■ Exercise prompt:
Return the data word for word. Pictures are to be omitted.

■ Information:
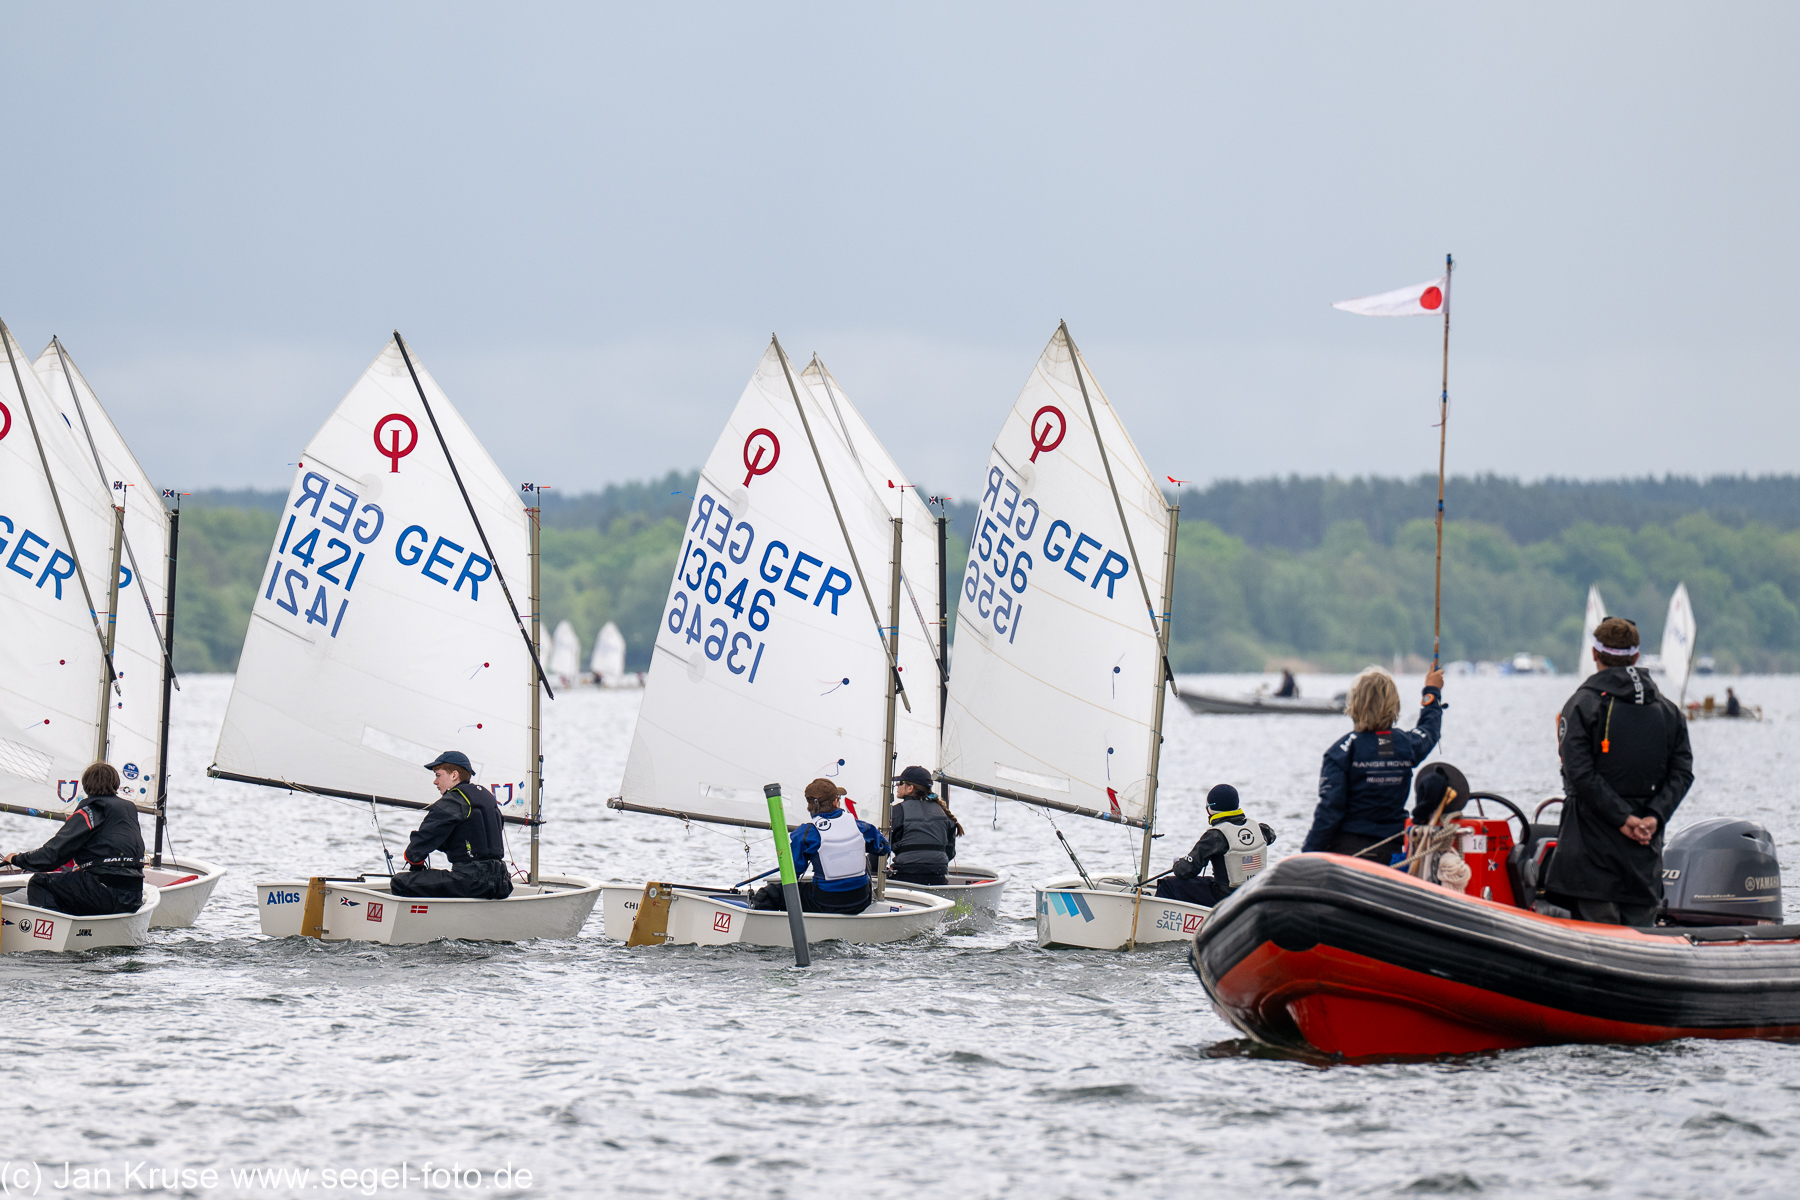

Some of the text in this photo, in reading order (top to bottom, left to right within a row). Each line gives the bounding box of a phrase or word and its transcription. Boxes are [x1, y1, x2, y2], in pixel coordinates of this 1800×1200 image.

[279, 514, 365, 592] 1421
[395, 524, 493, 602] GER
[972, 509, 1033, 594] 1556
[1043, 519, 1129, 599] GER
[678, 539, 776, 632] 13646
[759, 540, 853, 617] GER
[1352, 760, 1412, 769] RANGE ROVE
[266, 890, 301, 905] Atlas
[624, 901, 639, 910] CHI
[1755, 875, 1780, 890] YAMAHA
[1155, 919, 1183, 932] SALT
[1162, 909, 1183, 922] SEA

■ Your response:
Some of the text in this photo, in reading order (top to bottom, left to right within a row). Each line gives the bounding box of a phrase or word and its transcription. Boxes are [x1, y1, x2, y2], in pixel coordinates of this 1800×1200 image.

[279, 514, 365, 592] 1421
[395, 524, 493, 602] GER
[972, 509, 1033, 594] 1556
[1043, 519, 1129, 599] GER
[678, 539, 776, 632] 13646
[759, 540, 853, 617] GER
[1352, 760, 1412, 769] RANGE ROVE
[266, 890, 301, 905] Atlas
[624, 901, 639, 910] CHI
[1755, 875, 1780, 890] YAMAHA
[1155, 919, 1183, 932] SALT
[1162, 909, 1183, 922] SEA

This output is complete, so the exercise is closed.